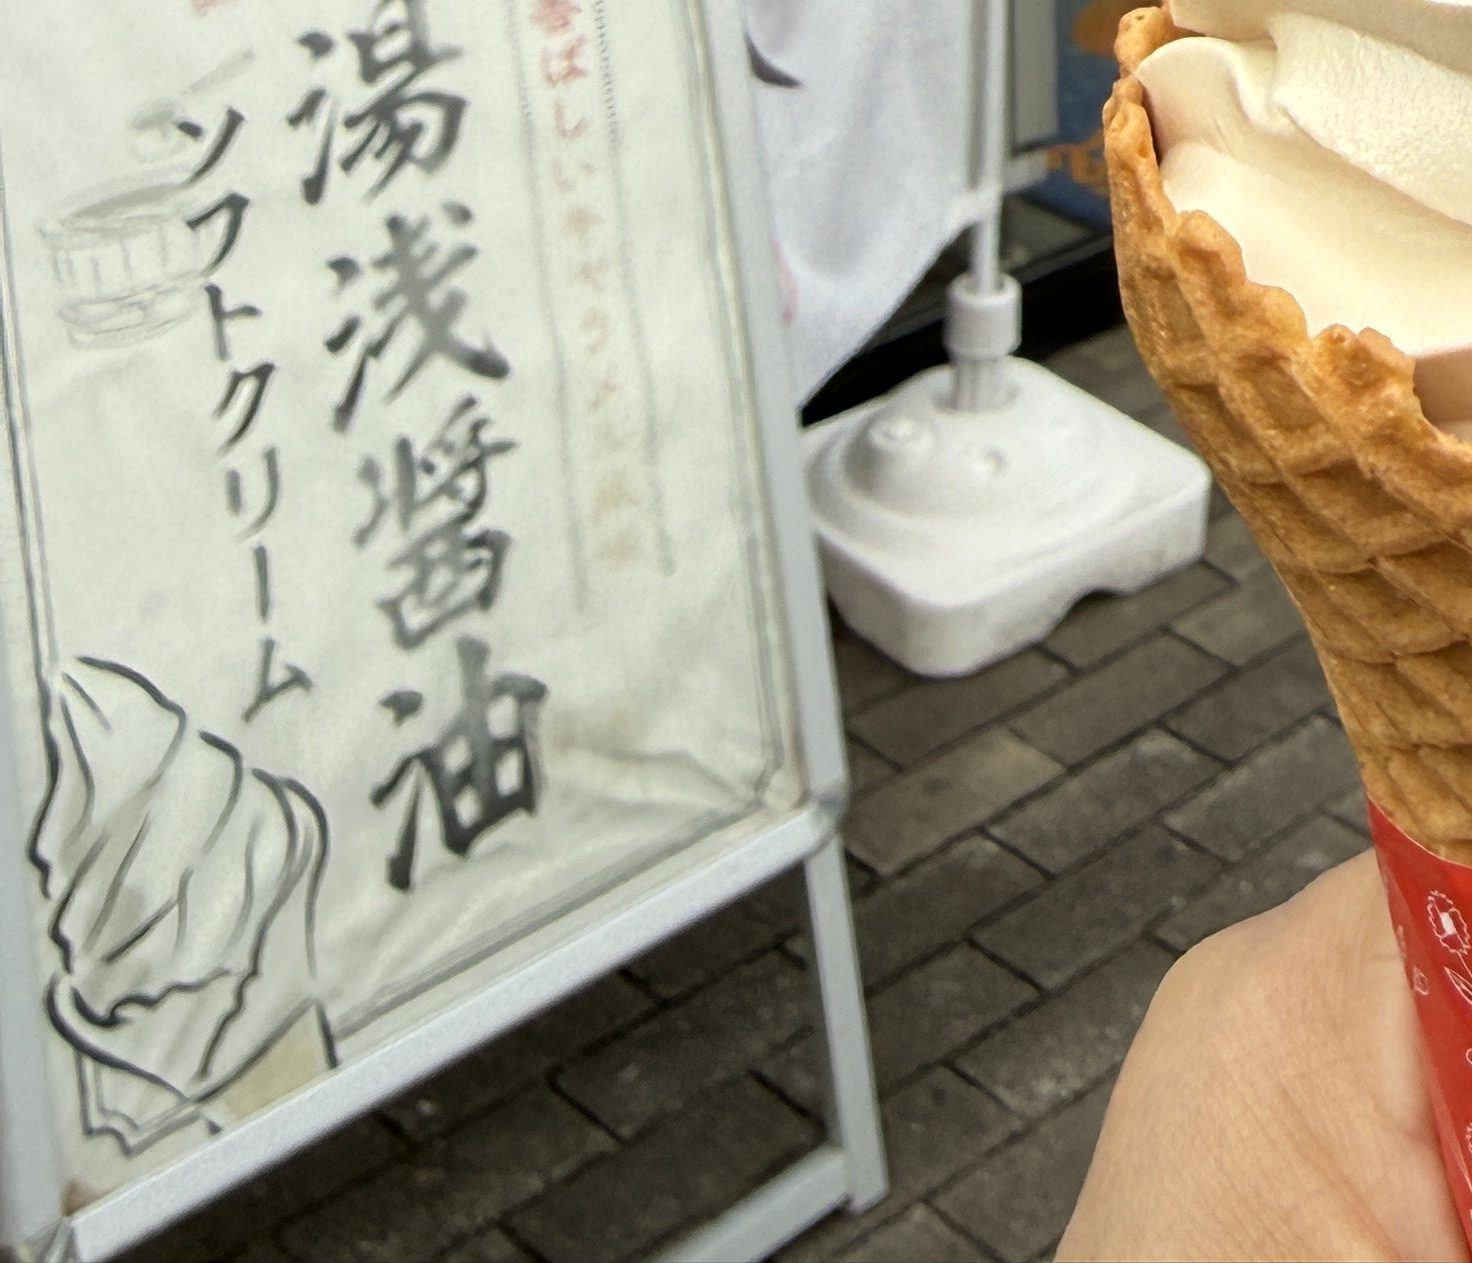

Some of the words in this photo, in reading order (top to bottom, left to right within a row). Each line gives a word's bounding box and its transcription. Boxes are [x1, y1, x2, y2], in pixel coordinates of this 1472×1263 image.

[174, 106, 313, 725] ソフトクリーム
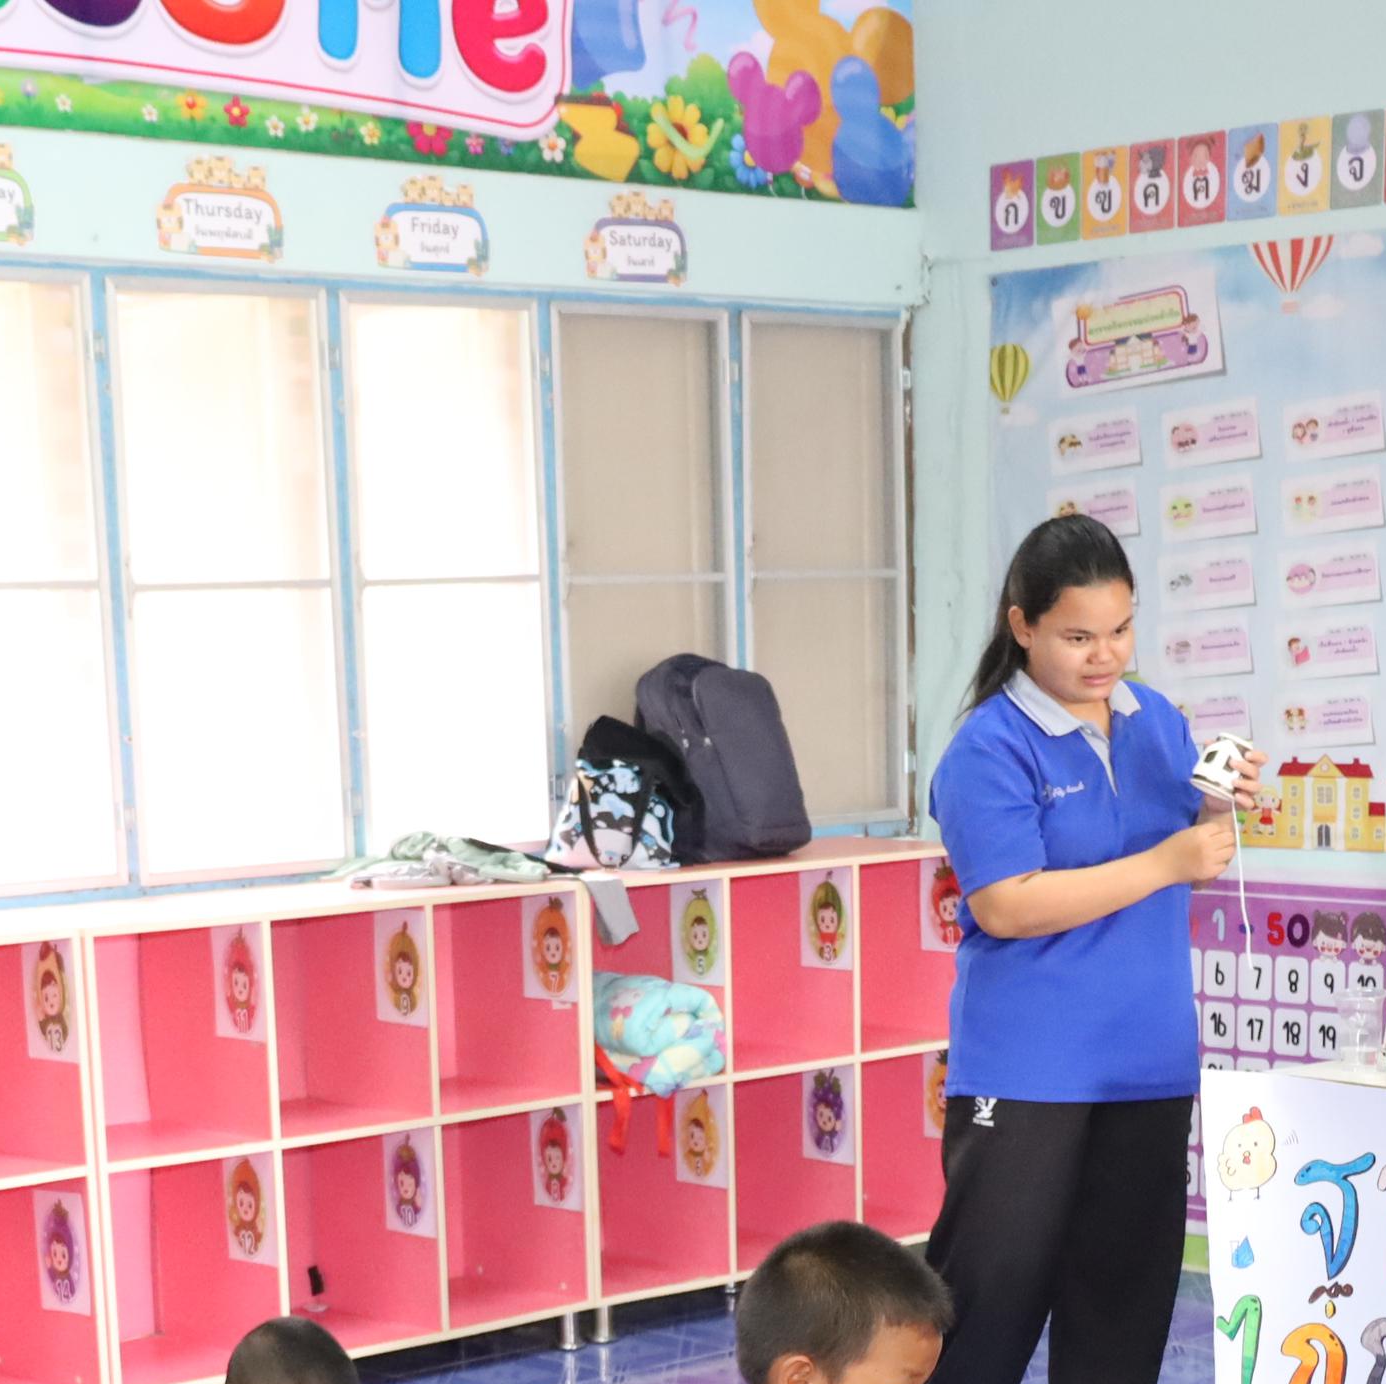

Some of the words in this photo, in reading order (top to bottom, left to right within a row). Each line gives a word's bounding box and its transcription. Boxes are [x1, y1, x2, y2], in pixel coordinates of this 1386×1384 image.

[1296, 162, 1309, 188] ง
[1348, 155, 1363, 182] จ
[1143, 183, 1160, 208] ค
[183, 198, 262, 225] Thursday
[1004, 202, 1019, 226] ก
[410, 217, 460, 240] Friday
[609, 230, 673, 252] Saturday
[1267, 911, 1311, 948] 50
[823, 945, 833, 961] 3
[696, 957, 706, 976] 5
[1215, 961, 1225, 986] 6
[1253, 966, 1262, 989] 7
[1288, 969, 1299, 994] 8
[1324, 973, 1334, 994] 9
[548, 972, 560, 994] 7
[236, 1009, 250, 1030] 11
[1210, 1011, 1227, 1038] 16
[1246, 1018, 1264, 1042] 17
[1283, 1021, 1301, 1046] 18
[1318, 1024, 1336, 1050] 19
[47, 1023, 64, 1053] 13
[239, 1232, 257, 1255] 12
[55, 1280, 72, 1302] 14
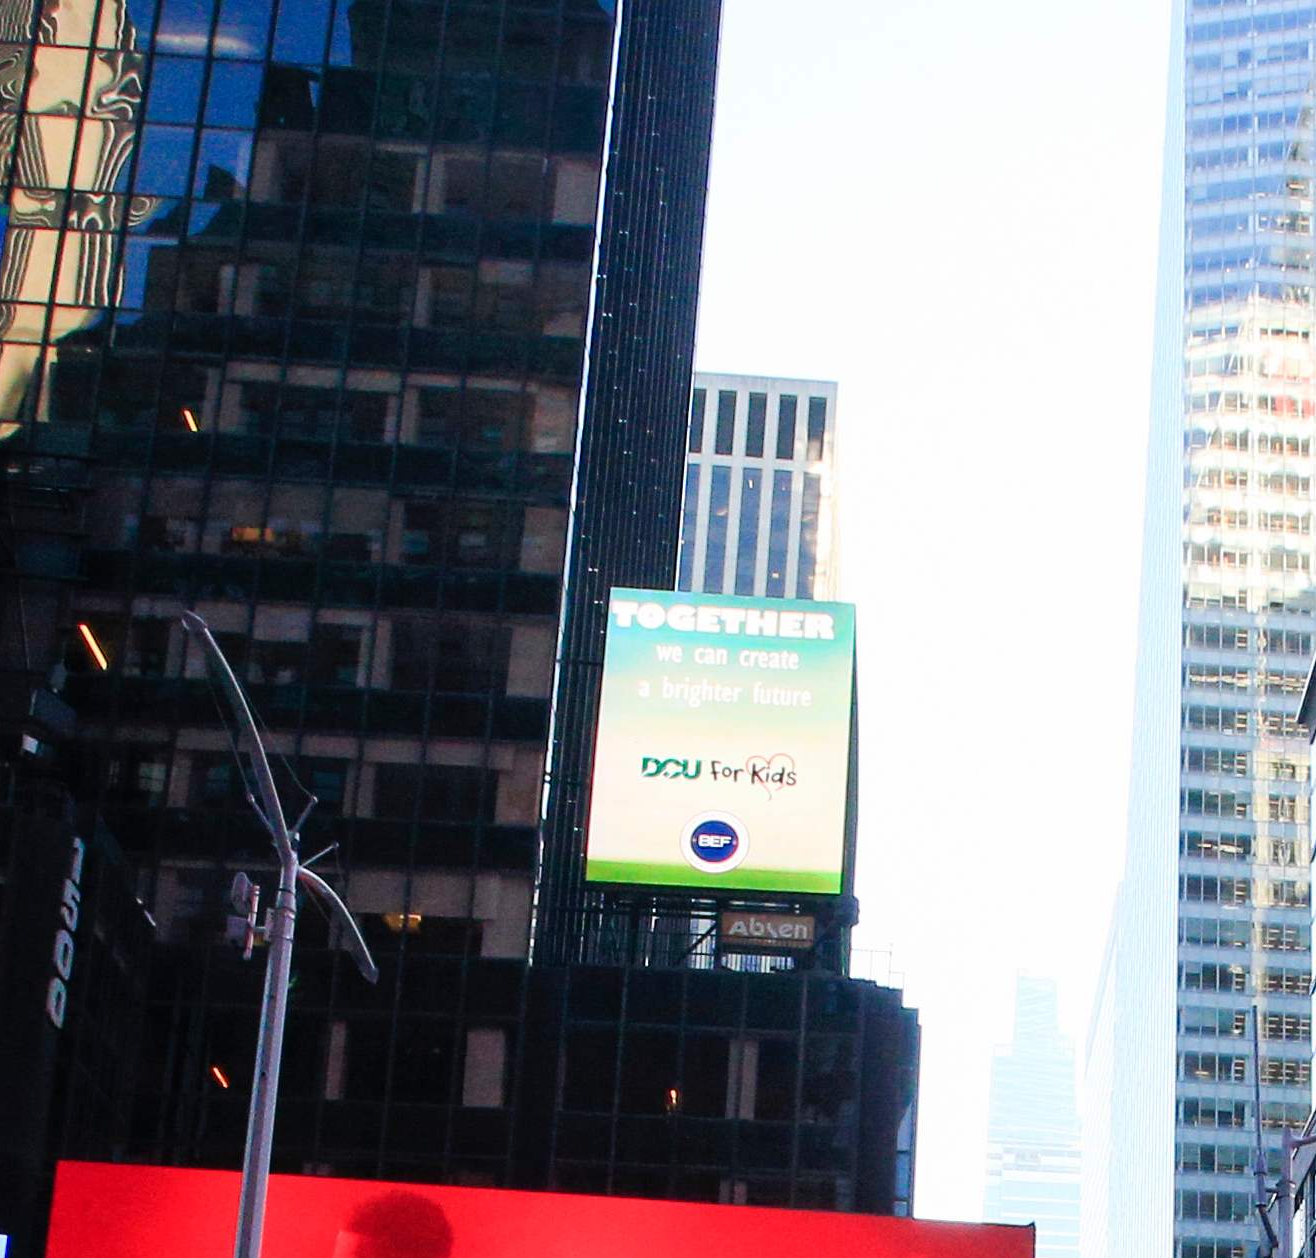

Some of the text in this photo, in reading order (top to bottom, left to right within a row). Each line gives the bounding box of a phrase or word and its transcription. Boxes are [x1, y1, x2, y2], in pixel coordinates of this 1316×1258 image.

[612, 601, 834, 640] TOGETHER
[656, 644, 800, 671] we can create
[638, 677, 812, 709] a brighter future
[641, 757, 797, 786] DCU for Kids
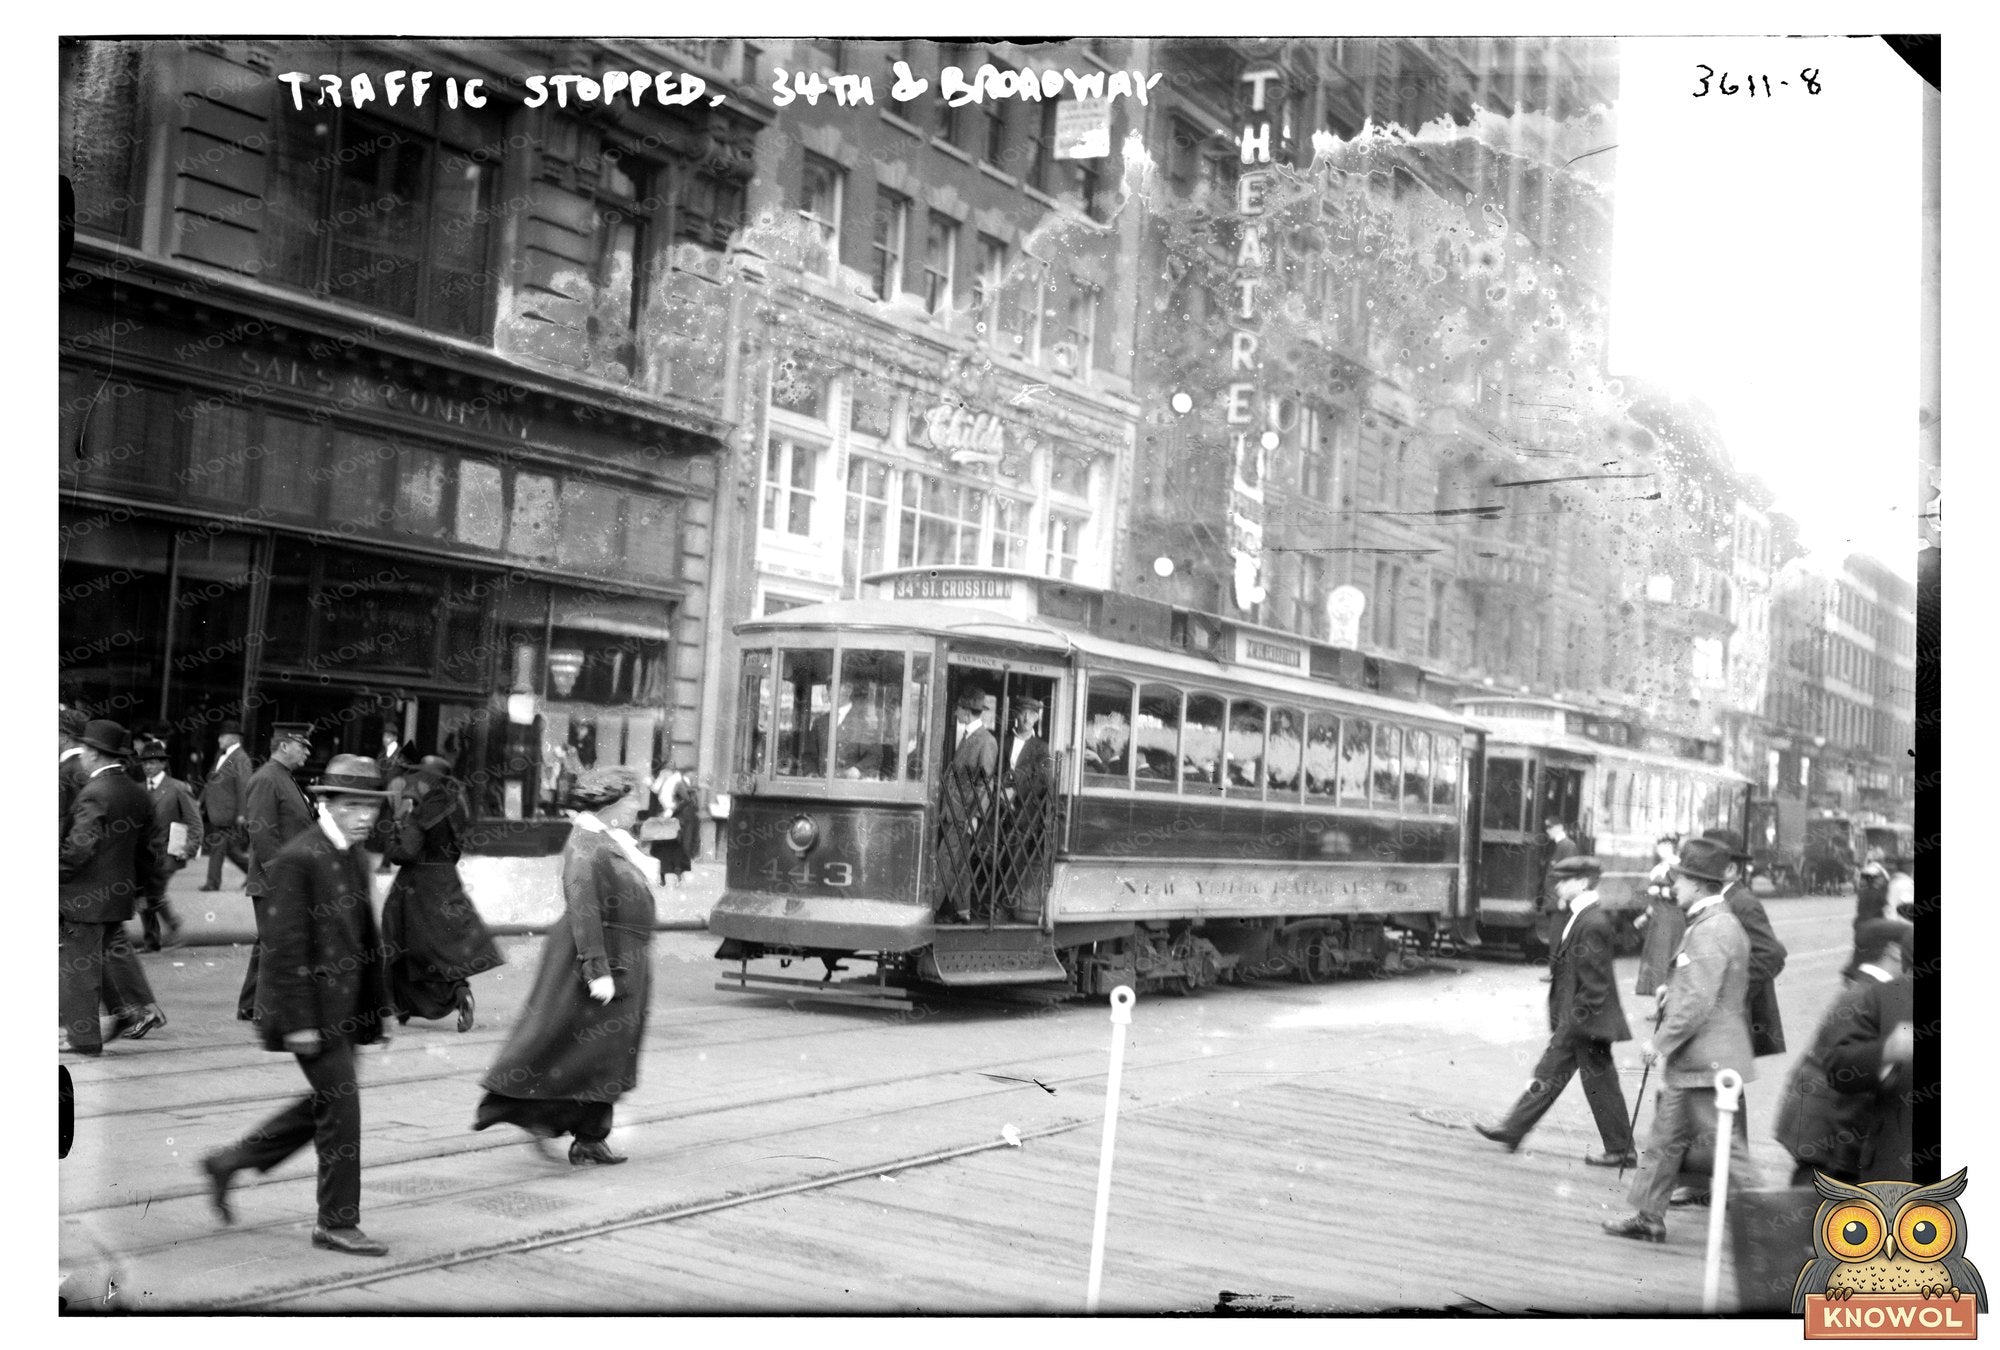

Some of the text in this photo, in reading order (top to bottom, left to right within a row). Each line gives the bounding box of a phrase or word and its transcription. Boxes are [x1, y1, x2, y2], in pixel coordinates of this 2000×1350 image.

----

- **Problem description**: Transcribe the entries above verbatim, excluding any image.

- **Completed task**:
Some of the words in this photo, in reading order (top to bottom, left to right within a row). Each line gives a word's bounding box and its transcription. Boxes are [x1, y1, x2, y2], in pixel coordinates of this 1472×1263 image.

[174, 106, 313, 725] ソフトクリーム

Some of the words in this photo, in reading order (top to bottom, left to right within a row). Each line gives a word's bounding box and its transcription. Boxes are [x1, y1, x2, y2], in pixel coordinates of this 1386×1384 image.

[1296, 162, 1309, 188] ง
[1348, 155, 1363, 182] จ
[1143, 183, 1160, 208] ค
[183, 198, 262, 225] Thursday
[1004, 202, 1019, 226] ก
[410, 217, 460, 240] Friday
[609, 230, 673, 252] Saturday
[1267, 911, 1311, 948] 50
[823, 945, 833, 961] 3
[696, 957, 706, 976] 5
[1215, 961, 1225, 986] 6
[1253, 966, 1262, 989] 7
[1288, 969, 1299, 994] 8
[1324, 973, 1334, 994] 9
[548, 972, 560, 994] 7
[236, 1009, 250, 1030] 11
[1210, 1011, 1227, 1038] 16
[1246, 1018, 1264, 1042] 17
[1283, 1021, 1301, 1046] 18
[1318, 1024, 1336, 1050] 19
[47, 1023, 64, 1053] 13
[239, 1232, 257, 1255] 12
[55, 1280, 72, 1302] 14

Some of the text in this photo, in reading order (top to bottom, left to right within a row). Each line gives the bounding box of a phrase or word and its transcription. Boxes are [x1, y1, x2, y2], in pixel coordinates of this 1316×1258 image.

[612, 601, 834, 640] TOGETHER
[656, 644, 800, 671] we can create
[638, 677, 812, 709] a brighter future
[641, 757, 797, 786] DCU for Kids

Some of the text in this photo, in reading order (top to bottom, left to right within a row). Each line gives the bounding box of a phrase or word and its transcription. Boxes are [x1, y1, x2, y2], in pixel coordinates of this 2000×1350 image.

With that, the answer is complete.